Jake kept his tone measured. He asked one question first, then another. Had Xander had an affair. Had he signed a prenup. Had he disclosed either of those things before asking him to prepare a strategy.

There was a long pause on the line. Then Xander started talking fast.

Jake’s shoulders stiffened. He looked at the open folder again, at the receipts, the screenshots, the grainy photo of Xander with that woman outside a hotel in Nashville, and finally at the page with his own client’s signature under the infidelity clause. When Xander’s voice rose loud enough to leak through the speaker, two women at the counter turned their heads.

Jake ended the call without finishing his coffee.

He took off his glasses, rubbed the bridge of his nose, and set the phone down beside the papers.

“I can’t represent him like this,” he said.

He did not say it dramatically. He said it the way people speak when the facts have finished arguing for them.

I slid the hotel receipts back into the folder one by one. “I thought that might be your position.”

“He told me you were emotional. That you were going to make accusations to punish him.” Jake gave a hollow laugh that didn’t quite make it out of his throat. “He somehow forgot to mention the evidence, the transfers, and the contract that hands you half the company if he cheated.”

I closed the folder and pressed my palm flat over the navy cover. The leather beneath my hand felt cool and smooth.

“He never forgets what benefits him,” I said. “He just assumes other people will clean up what doesn’t.”

Jake looked genuinely embarrassed then, not for himself, but for having walked into a case built on missing facts. He told me he would be filing his withdrawal immediately. He told me someone else would have to contact me after Xander found new counsel. Then he stood, still a little pale, and gathered nothing except his phone. He left the coffee untouched, the foam collapsed into a thin brown skin.

By the time I stepped back out onto the sidewalk, the morning sun had climbed high enough to turn the parked cars into sheets of white glare. I slid my sunglasses on, crossed to my own car, and sat there for a full minute with both hands on the wheel.

I should have felt grief. I should have felt the ache of twelve years splitting open in the middle.

Instead, I felt organized.

At 10:26 a.m., I was in my office downtown, legal pads stacked square on my desk, the courthouse dome visible through the twelfth-floor window. My assistant brought in coffee and closed the door behind her without asking questions. I called Elena Mercer from the family law division two floors below mine. Elena was the kind of attorney who never raised her voice because she never needed to. By noon, she was in my office with her glasses low on her nose and a yellow tab already marking the enforcement clause in the prenup.
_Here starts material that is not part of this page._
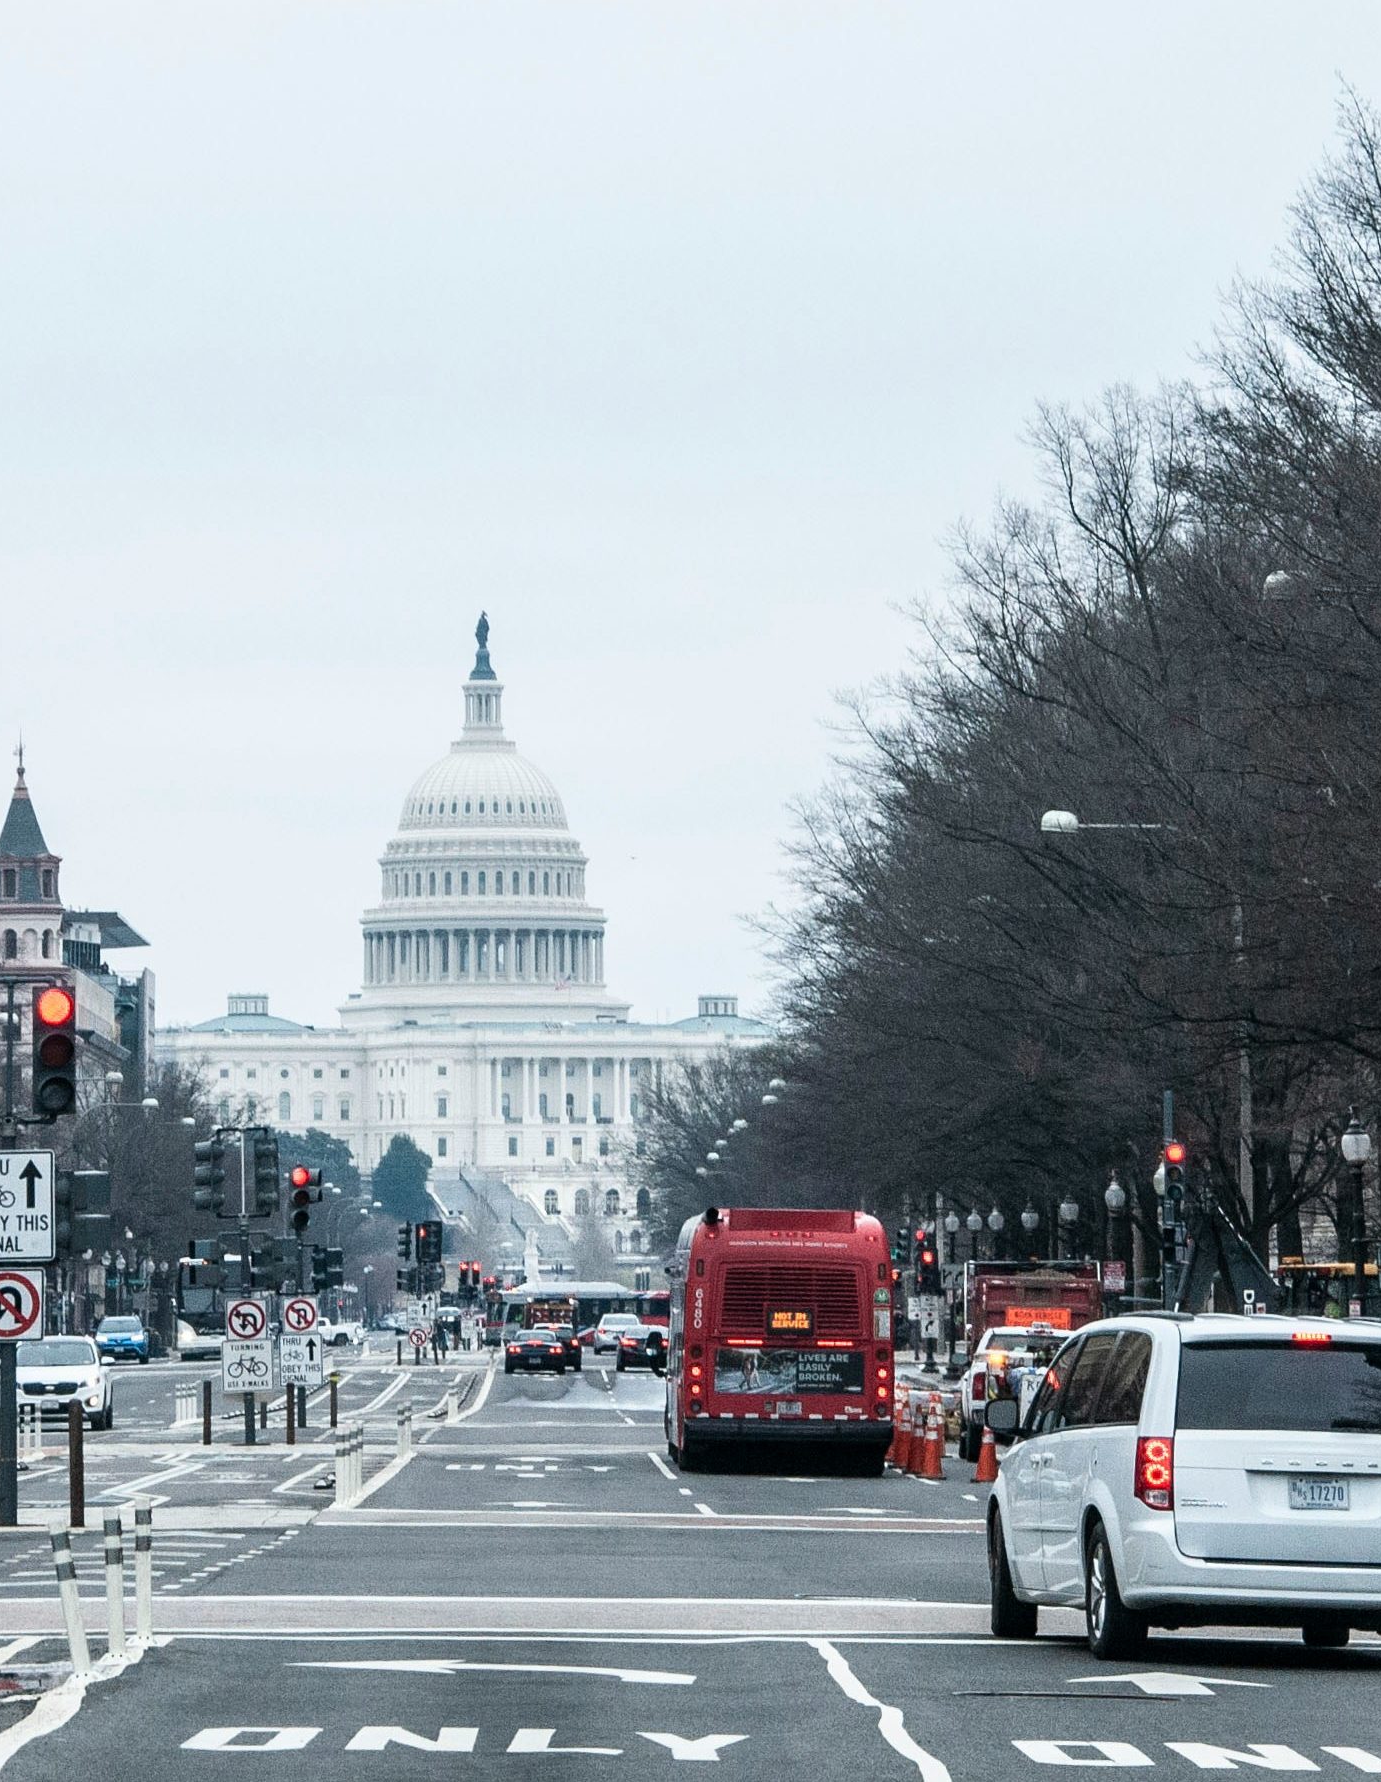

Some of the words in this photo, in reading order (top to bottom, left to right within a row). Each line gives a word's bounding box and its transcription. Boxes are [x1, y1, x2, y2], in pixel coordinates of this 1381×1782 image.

She finished reading and looked up at me.

“He’s done,” she said.

That afternoon we copied everything. The affair evidence. The financial records. The text messages. The prenup. Proof of the account transfers he had been making while telling me I contributed nothing worth valuing. Elena sent a formal notice to Jake’s office, and because Jake had already filed his withdrawal, it hit Xander without a buffer.

He called me at 4:17 p.m.

I let it ring once before answering.

“What did you say to him?” he snapped.

I leaned back in my desk chair and watched a line of rain start to stripe the window. “To whom?”

“Don’t play games, Sophia. Jake withdrew. He said there were disclosure problems.”

I said nothing.

His breathing turned louder. “You had no right to ambush my attorney.”

“You hired him for a divorce involving adultery and a prenup,” I said. “Those are not side notes. They’re the file.”

“You’re trying to sabotage me.”

“No,” I said. “You did that when you lied to your own lawyer.”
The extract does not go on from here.